Called CART-2, the Phase IIb trial met its primary endpoint, a measure of the change in coronary atherosclerosis as demonstrated by total plaque volume after a 12-month treatment period with AGI-1067 compared to baseline values. Combined results of the final analysis, conducted by the Montreal Heart Institute and the Cleveland Clinic Foundation, indicated that the drug reduced plaque volume by an average of 3.9 cubic millimeters, or 2.3 percent (p=0.0015). The findings stem from testing in 233 patients.

But AGI-1067's regression figures aren't as high as corresponding data reported two months ago following an interim analysis, in which patients taking AGI-1067 with other medications had a reduction in plaque volume by an average of 6.4 cubic millimeters, or 3.8 percent (p<0.0003). Those data, which stem from testing in fewer patients, sent the company's stock up 64 percent on the day they were released. (See BioWorld Today, Sept. 29, 2004.)

In contrast, on Monday the Atlanta-based company's stock (NASDAQ:AGIX) dropped $4.87 to close at $26.50.

"I really was a little surprised and disappointed to see that," said Mark Colonnese, AtheroGenics' chief financial officer. Colonnese said the data "validate the company's technology platform," and are "positive news that enhances the probability of success with our Phase III program."

He added that the final data line up in a similar fashion to the interim data set.

For example, results in another endpoint, while not statistically significant, showed that the use of AGI-1067 produced a minor reduction in plaque volume of 1.5 cubic millimeters, or 0.8 percent, compared to the standard of care (p=0.45). Also in the final analysis, while the plaque regression observed in the AGI-1067 group exceeded that observed in the standard-of-care group numerically, the difference did not reach statistical significance (p=0.29). But a trend toward significance (p=0.12) was seen in analysis by the Montreal Heart Institute.

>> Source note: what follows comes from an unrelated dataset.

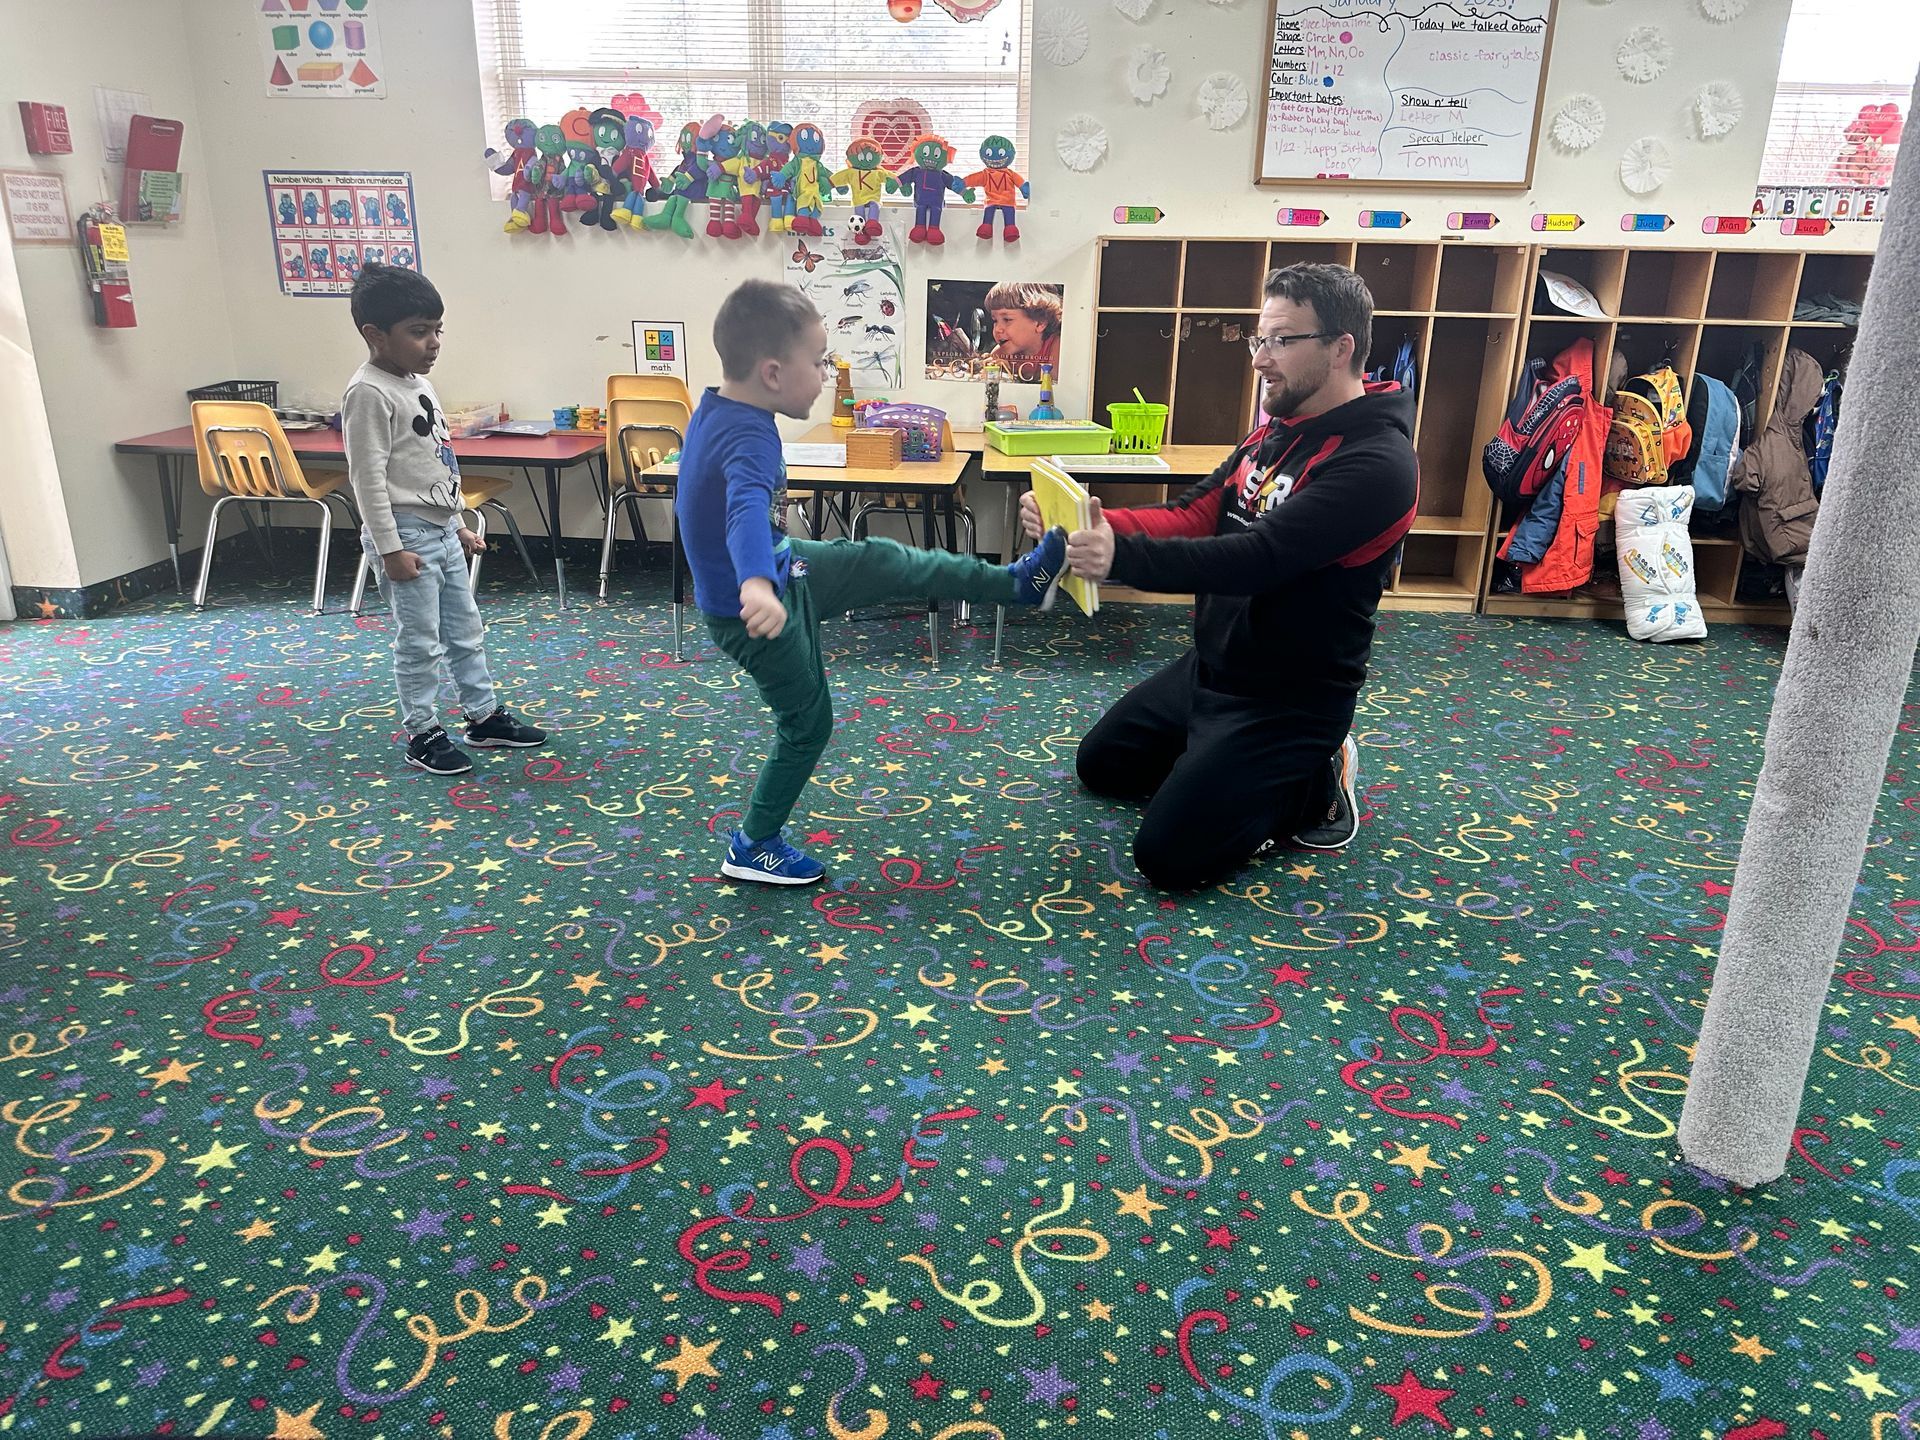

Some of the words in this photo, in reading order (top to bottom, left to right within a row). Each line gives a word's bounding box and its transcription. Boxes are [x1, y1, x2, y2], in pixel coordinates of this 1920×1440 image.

Like the AGI-1067 vs. baseline comparison, the AGI-1067 vs. standard-of-care plaque volume data were less than what was reported two months ago. At that time, the interim data revealed a reduction in plaque volume of 3.5 cubic millimeters, or 2 percent, compared to the standard of care.

That also was the case in the most severely diseased 5 mm subsegment, in which patients' plaque volume regressed from baseline by a statistically significant average of 1.8 cubic millimeters, or 4.8 percent (p<0.0001). But again, those figures were lower than the data reported two months ago that showed a regression from baseline by an average of 2.7 cubic millimeters, or 7.1 percent.

"The numbers are lower, but this was a randomized sample," Colonnese said. "When we presented the interim analysis, that was the random sample set that was available at that time. This is the final analysis, so I think that's just indicative that everything is done randomly."

Treatment with AGI-1067 also produced a statistically significant reduction in levels of myeloperoxidase, an inflammatory biomarker that correlates with future cardiovascular events. All AGI-1067 patients received a 280-mg dose once per day, plus standard of care. Plaque volume was measured at the time of angioplasty and again at the end of one year using intravascular ultrasound.

"This is the first anti-inflammatory drug designed to treat coronary disease," Colonnese said. "No other drugs out there today have that mechanism."

He added that a number of other recent trials with widely prescribed cardiology drugs, such as Lipitor, Zocor and Norvasc, showed that they managed to halt or slow the progression of plaque volume, but were unable to reverse it.

The oral compound is designed to selectively block signaling pathways within endothelial cells that make up the inner lining of blood vessels, which in turn inhibits the production of VCAM-1 and other molecules involved in the inflammatory process.

AGI-1067 already has entered pivotal testing in the ARISE study, an ongoing, 4,000-patient trial, to test its ability to reduce clinical events such as cardiac deaths, heart attacks and strokes in patients who have had a heart attack within the last year. The trial is about a year into enrollment, and Colonnese said the company hopes to complete it and report data by the end of next year. The company said the study reached its target of 4,000 patients, though it plans to continue enrollment so as to accelerate the accumulation of patient years of exposure on the drug.

It is evaluating a 300-mg dose, which would be used commercially should the product receive FDA approval down the road. With an eye toward such prospects, AtheroGenics continues to discuss potential partnerships.

"Yes, those discussions are active," Colonnese said.